While it's clear that SST/IST are the magic sauce of Galera and their implementation in MySQL by Percona there are dragons lurking that can prevent this from working.  It seems that lots of people have this issue so I created this checklist you can use to try and resolve your IST/SST issues.  At one time or another every one of these issues has caused me to have an SST/IST fail.

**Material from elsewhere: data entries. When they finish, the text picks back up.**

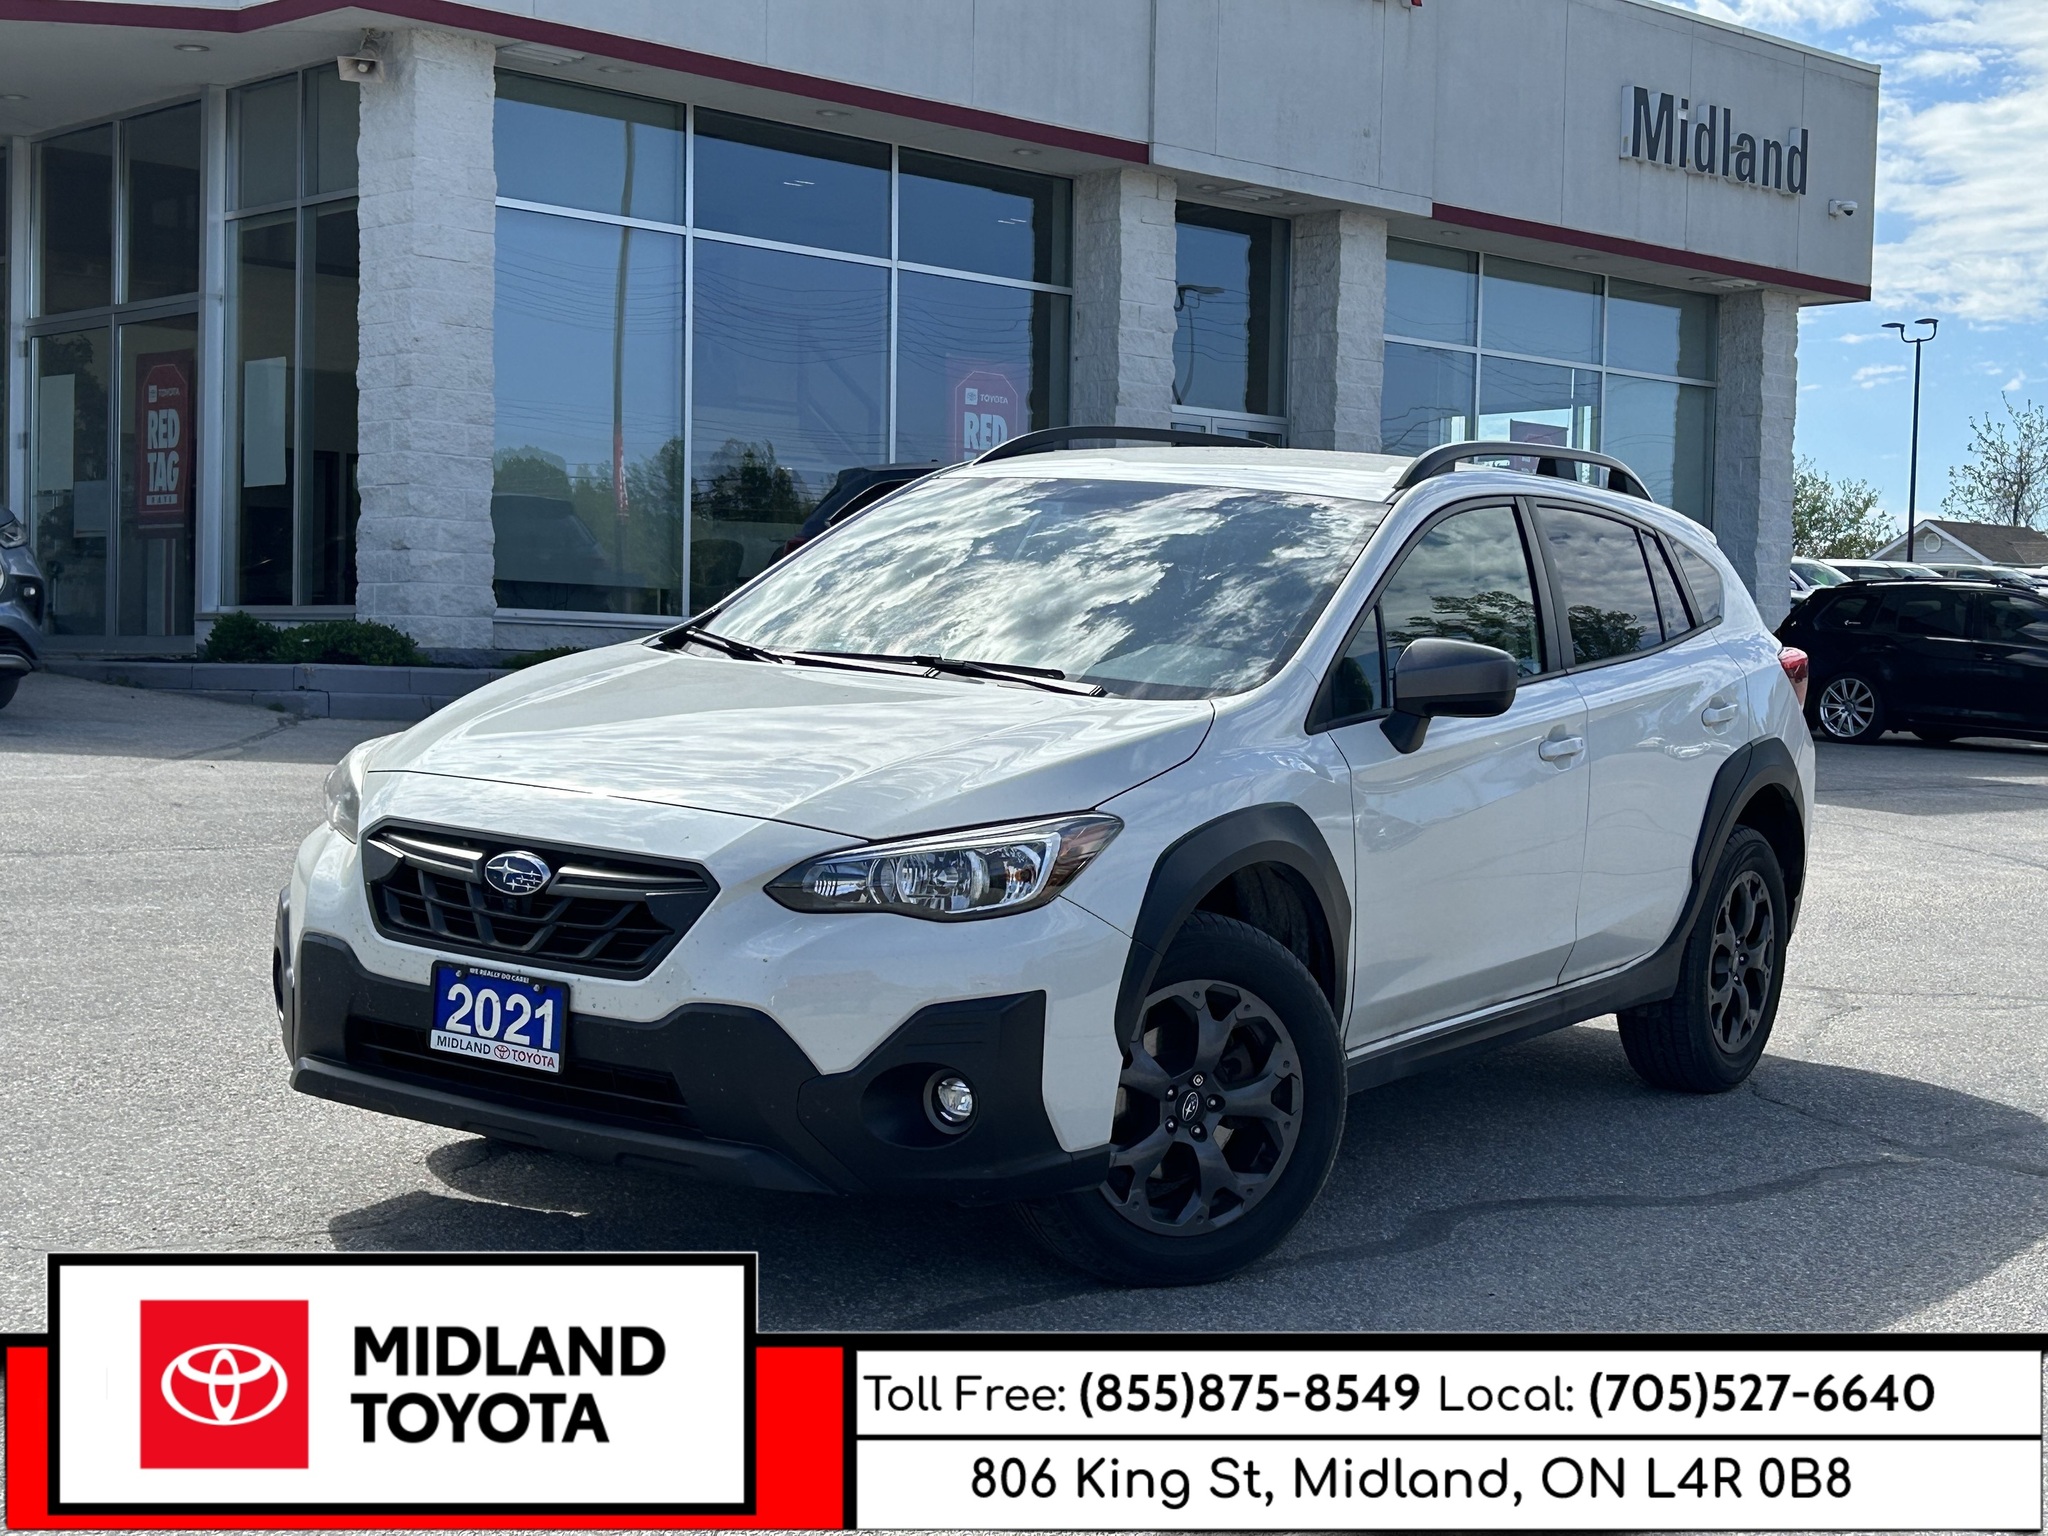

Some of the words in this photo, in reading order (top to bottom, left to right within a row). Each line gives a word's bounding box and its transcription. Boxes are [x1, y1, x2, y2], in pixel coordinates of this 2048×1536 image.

[1622, 85, 1809, 196] Midland
[980, 394, 1008, 404] TOYOTA
[147, 408, 180, 449] RED
[963, 411, 1008, 450] RED
[147, 450, 180, 492] TAG
[445, 983, 554, 1050] 2021
[436, 1035, 491, 1055] MIDLAND
[511, 1048, 556, 1069] TOYOTA

 In general, when debugging SST/IST issues it is best to use a specific donor for your joiner node so that you can isolate your troubleshooting and testing to a specific set of nodes.

Checklist


  • Are the nodes in the same cluster?  Check wsrep_cluster_name
  • Is the server_id the same for all nodes in the cluster?
  • Is wsrep_node_address correct?  A typo here causes very interesting errors.
  • Is wsrep_node_name correct?  Again, a simple error here causes SST to fail.
  • Is gcom the same for all nodes?  Triple check this.  Use nslookup on every address to check for correctness.   Do a reverse nslookup to make sure fqdn resolves to the expected ip address.  
  • Is wsrep_sst_donor a fqdn or node name?  Do not use an ip address in this field.  Refer to the documentation for methods to code this. 
  • Are ports 3306, 4444, 4567, and 4568 open?  This is a biggie so see below for tips on how to test.
  • Are you using xtrabackup_v2 for your wsrep_sst_method?  If not you should.  My experience with rsync, mysqldump, and the deprecated xtrabackup (no _v2) have been poor.  
  • Are xtrabackup versions the same on all nodes?  
  • Is /etc/hosts fqdn and ip address correct on all nodes?  Test using dns for every name and ip address you see.
  • Make sure you examine every ERROR in the MySQL error log and sometimes the WARNINGS are also worth a look.  Infrequently another error can cause SST/IST to fail for issues actually unrelated to either SST or IST.  
  • is socat working?  (see below on how to use socat to test ports._)
  • will the MySQL server start at all?  If you have a valid install you can try something simple like mysqld --wsrep-recover to see if MySQL will even start.  If your datadir is invalid then blow it away and reinitialize MySQL using mysqld initialize_insecure to bootstrap mysql using your my.cnf and then try to start it using mysqld --wsrep-recover only to make sure it will start.  It may uncover other issues you have with MySQL that are not specific to SST/IST.  This helped me once when an error existed in my.cnf which was not logged to the error log until I ran this standalone test.  

Port testing

Now about those pesky ports.  The best way to test this is using socat which is the same utility that sst/ist uses to move data between nodes.  The socat utility established a bi-directional tunnel between hosts and should be tested on both hosts.   Substitute your ip address below for donor and joiner.  You must test this in both directions to be certain SST/IST will work.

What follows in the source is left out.